Reiquiavique: o que ver, dados e voos

Reiquiavique é a capital da Islândia e a cidade mais setentrional do mundo com estatuto de capital, com cerca de 140.000 habitantes. Viaja-se para ela como base para explorar as paisagens vulcânicas e os glaciares do país, mas também pela sua oferta cultural, a sua arquitetura singular e o seu ambiente tranquilo e cosmopolita.
O que ver
O centro percorre-se a pé sem dificuldade. A igreja Hallgrímskirkja, com a sua fachada de betão que imita colunas de basalto, é o ponto de referência visual e da sua torre vê-se toda a cidade e a baía. A poucos minutos está a escultura Sun Voyager, uma estrutura de aço que evoca um barco viking, situada junto ao mar.
A Sala de concertos Harpa, com a sua fachada de cristal geométrico, é outro marco imprescindível, tanto pela sua arquitetura como por albergar a Orquestra Sinfónica da Islândia. O edifício está aberto ao público e pode-se passear pelo seu interior sem pagar entrada.
Bairros e como se percorre
O núcleo histórico concentra-se à volta da rua Laugavegur, a principal artéria comercial, e a praça Ingólfstorg. Aqui estão as lojas, cafés e restaurantes, e é onde se concentra a vida urbana. O bairro de Vesturbær, a oeste, é residencial e tranquilo, com casas baixas coloridas e alguns pequenos cafés de bairro.
Para se mover, o centro é compacto e pode-se andar em menos de uma hora. Para distâncias maiores, a rede de autocarros urbanos cobre toda a cidade, embora não seja frequente. Muitos visitantes alugam carro no aeroporto de Keflavík (KEF), a uns 50 km, para combinar a cidade com excursões pela ilha.
Comer e vida noturna
A oferta gastronómica baseia-se em produtos locais: peixe fresco, cordeiro e, como especialidade, o cachorro quente da famosa banca Bæjarins Beztu, perto do porto. Há numerosos restaurantes de cozinha nórdica moderna, embora os preços sejam altos. Para comer barato, os supermercados e as sopas dos cafés são opção prática.
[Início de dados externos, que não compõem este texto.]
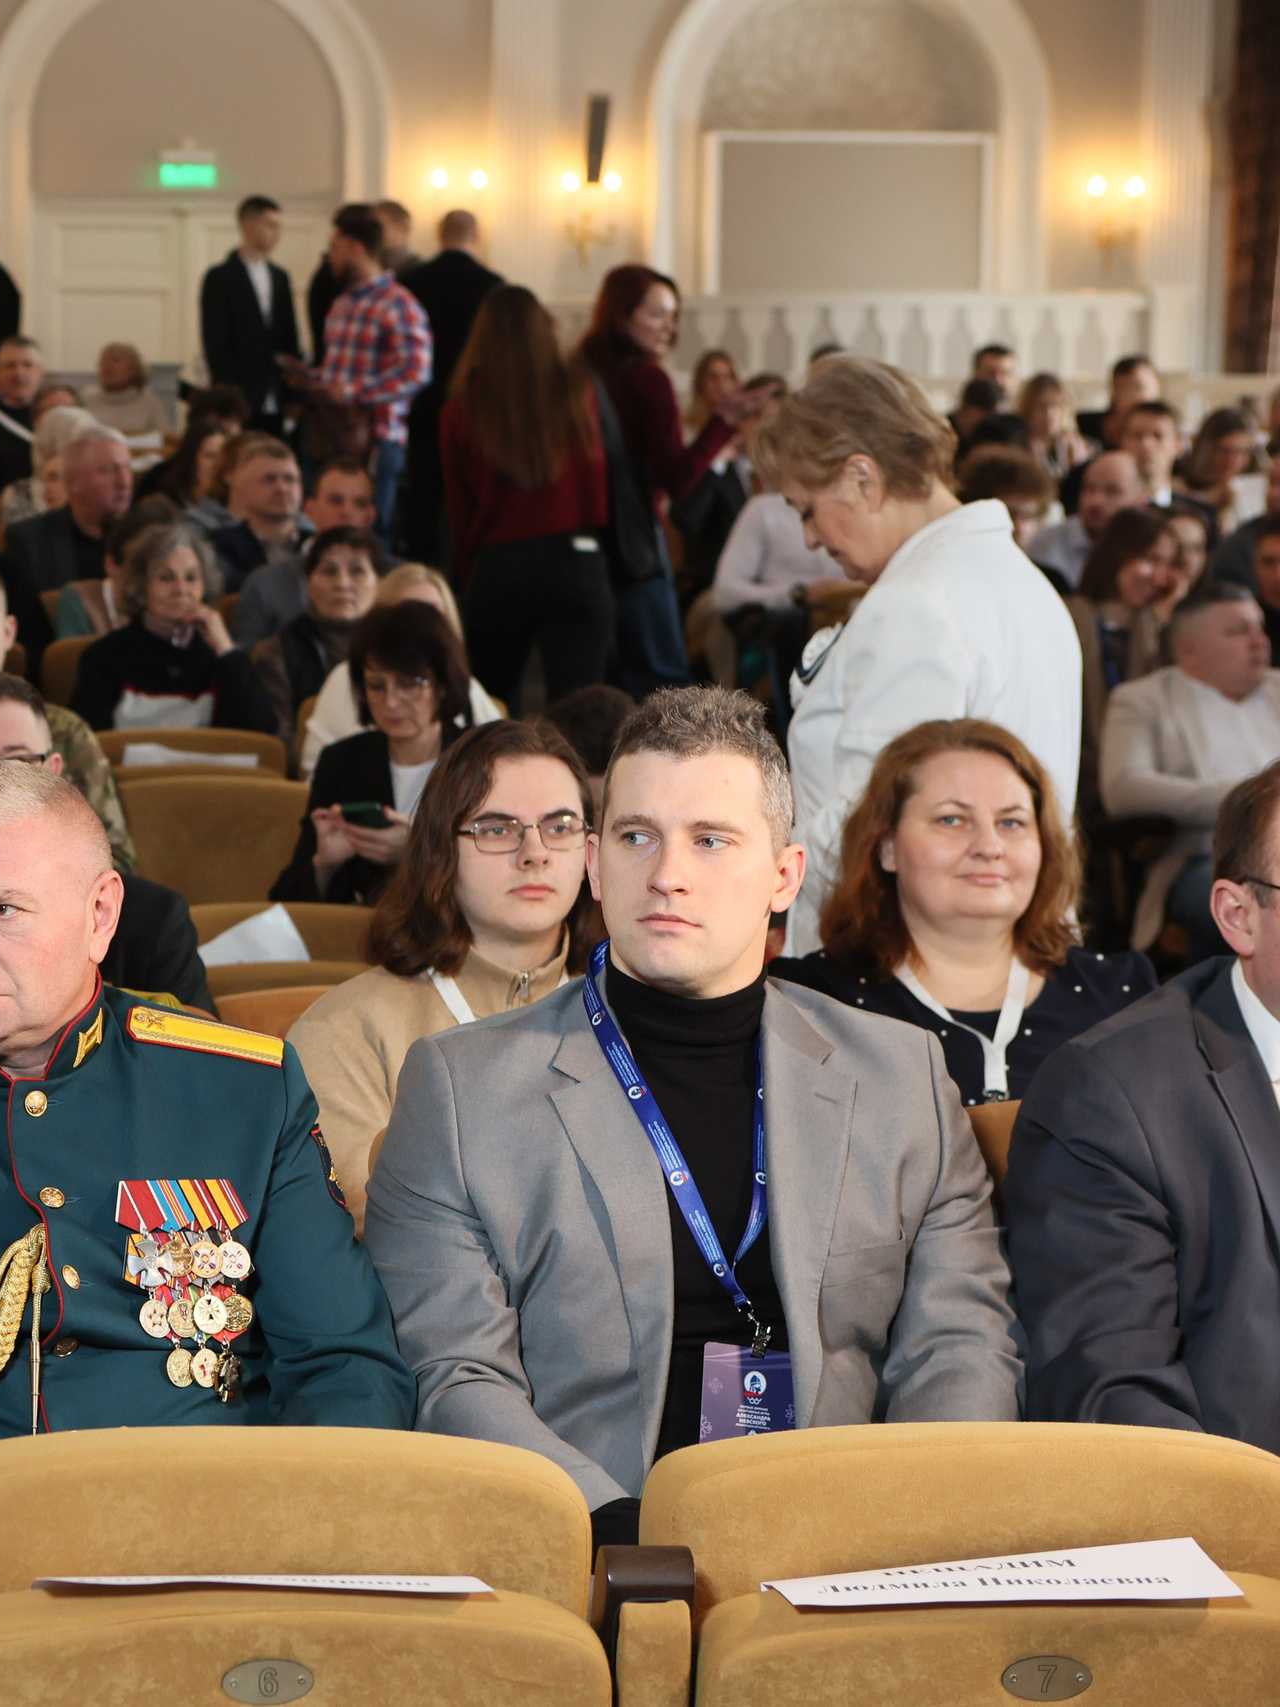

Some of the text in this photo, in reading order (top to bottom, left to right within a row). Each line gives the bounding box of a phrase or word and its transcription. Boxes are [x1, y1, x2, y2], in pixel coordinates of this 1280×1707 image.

[817, 1575, 1173, 1594] Людмила Николаевна
[258, 1667, 279, 1698] 6
[1038, 1664, 1058, 1693] 7
A vida noturna é conhecida pelo seu ambiente intenso, sobretudo de quinta a sábado. Os bares concentram-se na Laugavegur e ruas adjacentes, e é habitual que as pessoas saiam tarde e terminem em discotecas pequenas. A cerveja é cara, mas a oferta de música ao vivo, com bandas locais, compensa.
Escapadas perto
A escapada clássica é a Lagoa Azul, a uns 50 km a sudoeste, um balneário geotérmico num campo de lava com águas leitosas de cor azul. É popular e concorrida, pelo que convém reservar com antecedência. Outra opção é o Círculo Dourado, que inclui o parque nacional de Þingvellir, a cascata Gullfoss e a zona geotérmica de Geysir, a menos de duas horas de carro.
Para algo mais próximo, a península de Seltjarnarnes, a oeste da cidade, oferece passeios costeiros e vistas à montanha Esja, ideal para uma caminhada curta se o tempo acompanhar.
- Hallgrímskirkja – Igreja luterana com torre panorâmica, o edifício mais reconhecível da cidade.
- Sala Harpa – Centro de concertos e conferências com fachada de cristal, junto ao porto.
- Sun Voyager – Escultura de aço na costa, símbolo do espírito viking.
- Lagoa Azul – Balneário geotérmico a 50 km, com águas ricas em minerais.
- Laugavegur – Rua principal de lojas, bares e restaurantes, coração do centro.
Perguntas frequentes
Qual é a melhor época para visitar Reiquiavique?
Depende do que procura. De junho a agosto há luz quase 24 horas e temperaturas suaves, ideal para percorrer a cidade e fazer excursões. De setembro a março, há mais possibilidades de ver auroras boreais, mas o clima é frio e os dias muito curtos, com apenas quatro ou cinco horas de luz.
É caro viajar para Reiquiavique?
Sim, é uma das capitais mais caras da Europa. A comida, o transporte e o alojamento têm preços elevados. Para poupar, convém cozinhar ou comer nos supermercados, usar o autocarro em vez de táxis e reservar as excursões com antecedência. A Lagoa Azul e os tours organizados representam um gasto importante.